After approval by the Institutional Review Board for protection of Human Subjects, a prospective database was queried and two patients with robotic approach for diverticulum excision were identified. Each patient had been offered traditional combined vaginal and retropubic approach due to the challenging location of the diverticulum and both were offered robotic approach and consented to this.
Two patients were identified with diverticula in the 12-o’clock position, patient #1 exhibited a 360 degree diverticulum measuring 2cm at the widest axial measurement located proximally less than 1cm from the bladder neck and extending under the pubic symphysis. She was obese and this was further complicated by mixed urinary incontinence preoperatively with obvious stress urinary incontinence component on physical exam. She requested a fascia lata pubovaginal sling at the time of diverticulectomy. She was 48 years of age at the time of surgery. Patient #2 exhibited a horseshoe 240 degree configuration measuring 2.7cm at the widest axial point also less than 1cm from the bladder neck, extending under the pubic bone, with a large component at the 12-O’clock location. She was 51 years of age at the time of surgery. Both went for surgery without complication. At the 3 week post operative visit, retrograde urethrogram revealed no leak or extravasation at the urethral repair site. Both patients reported being continent of urine at the most recent follow up visit. Both reported being pain free since the time of surgery. Preoperative MRI images will be shown in the video. Patient #1 has 2 months follow up and Patient #2 has 4 months follow up.
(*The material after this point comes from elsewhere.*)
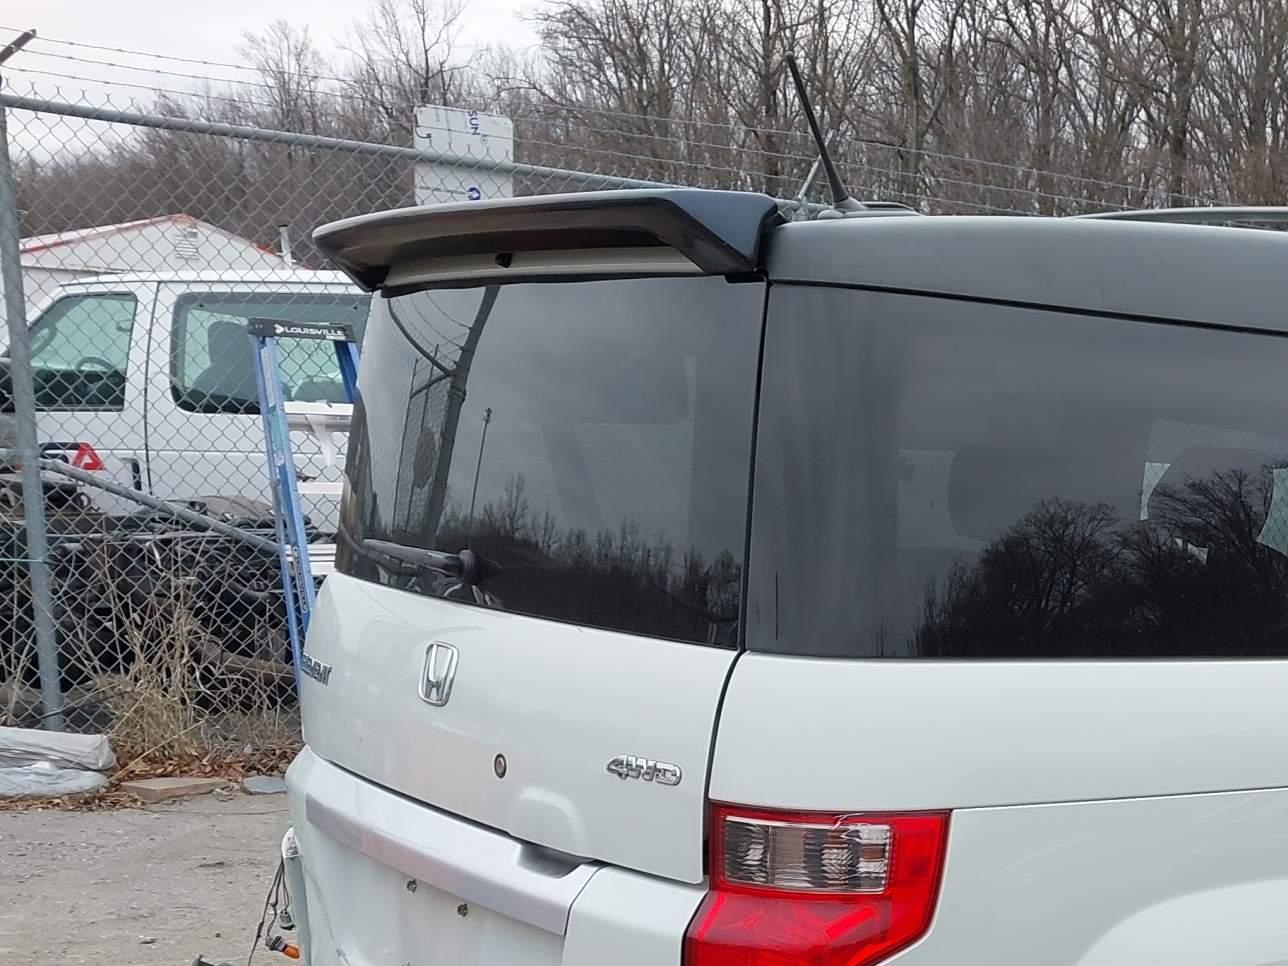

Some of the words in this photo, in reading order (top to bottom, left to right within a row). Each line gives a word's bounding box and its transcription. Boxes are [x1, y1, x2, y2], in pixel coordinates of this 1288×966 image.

[467, 110, 481, 136] SUN
[284, 325, 345, 337] LOUISVILLE
[606, 754, 682, 786] 4WD
Small sample size and short follow up limit the reader’s ability to make quantitative comparison with the traditional combined vaginal and retropubic approach for these challenging patients. The experienced reconstructive surgeon will recognize that diverticula behind the pubic symphysis cannot easily be compared with slightly simpler diverticula that do not extend to this area. The reader will also note the superior visibility and fine dexterity for suturing the urethra if necessary. The video demonstrates the first published robotic approach to urethral diverticula and will provide qualitative evidence to support the hypothesis. Robotic urethral diverticulum repair in the female can be accomplished safely with excellent visibility and dexterity in a challenging space.